═════ LISTED ENTRIES

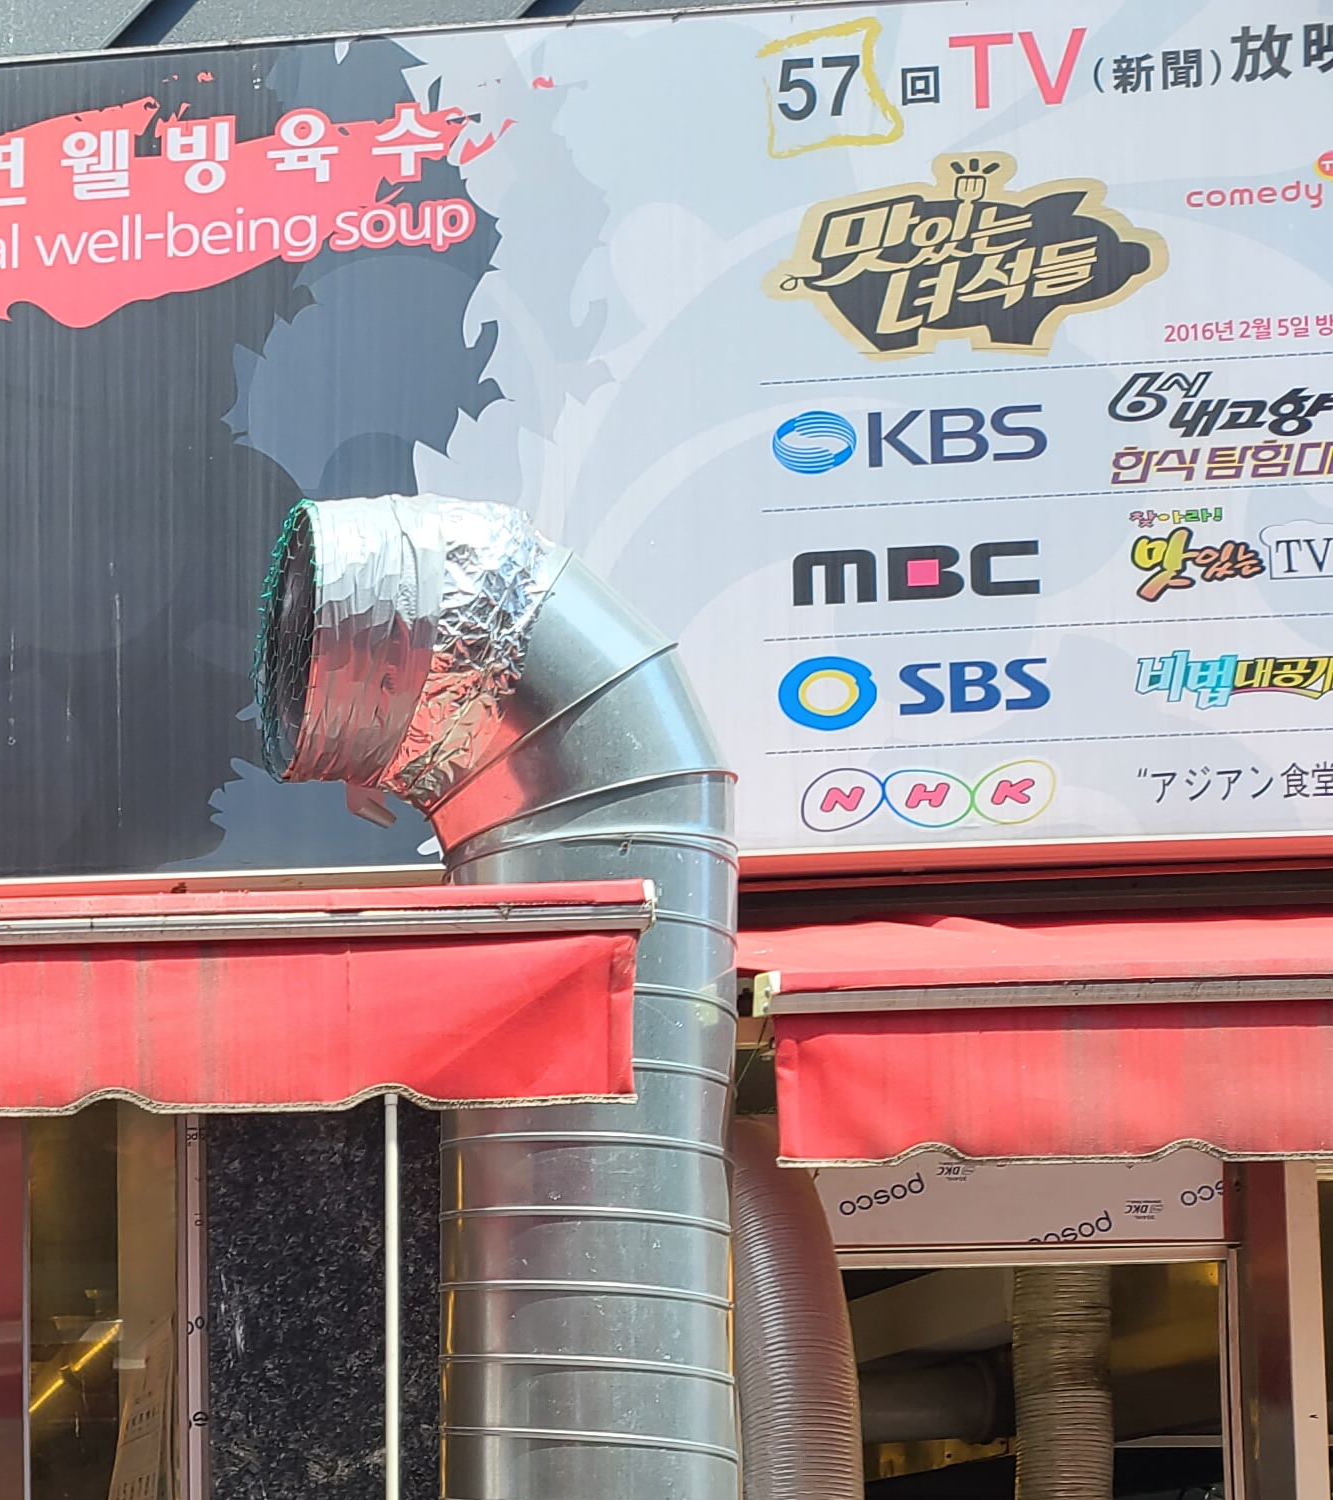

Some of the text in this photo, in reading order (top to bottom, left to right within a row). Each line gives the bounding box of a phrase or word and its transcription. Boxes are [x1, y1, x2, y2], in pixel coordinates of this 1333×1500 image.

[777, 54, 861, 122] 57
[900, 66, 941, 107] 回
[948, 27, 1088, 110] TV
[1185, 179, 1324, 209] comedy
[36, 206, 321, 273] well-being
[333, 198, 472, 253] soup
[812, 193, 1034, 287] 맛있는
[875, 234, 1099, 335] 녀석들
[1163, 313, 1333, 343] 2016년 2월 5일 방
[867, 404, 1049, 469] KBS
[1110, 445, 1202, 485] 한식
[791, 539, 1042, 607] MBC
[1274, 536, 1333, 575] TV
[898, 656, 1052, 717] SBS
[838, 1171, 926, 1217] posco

══════════

:: WHAT IS EXPECTED ::
Please repeat each record above precisely, with the pictures left out.

:: WRITTEN ANSWER ::
Some of the text in this photo, in reading order (top to bottom, left to right within a row). Each line gives the bounding box of a phrase or word and its transcription. Boxes are [x1, y1, x2, y2], in pixel coordinates of this 1333×1500 image.

[777, 54, 861, 122] 57
[900, 66, 941, 107] 回
[948, 27, 1088, 110] TV
[1185, 179, 1324, 209] comedy
[36, 206, 321, 273] well-being
[333, 198, 472, 253] soup
[812, 193, 1034, 287] 맛있는
[875, 234, 1099, 335] 녀석들
[1163, 313, 1333, 343] 2016년 2월 5일 방
[867, 404, 1049, 469] KBS
[1110, 445, 1202, 485] 한식
[791, 539, 1042, 607] MBC
[1274, 536, 1333, 575] TV
[898, 656, 1052, 717] SBS
[838, 1171, 926, 1217] posco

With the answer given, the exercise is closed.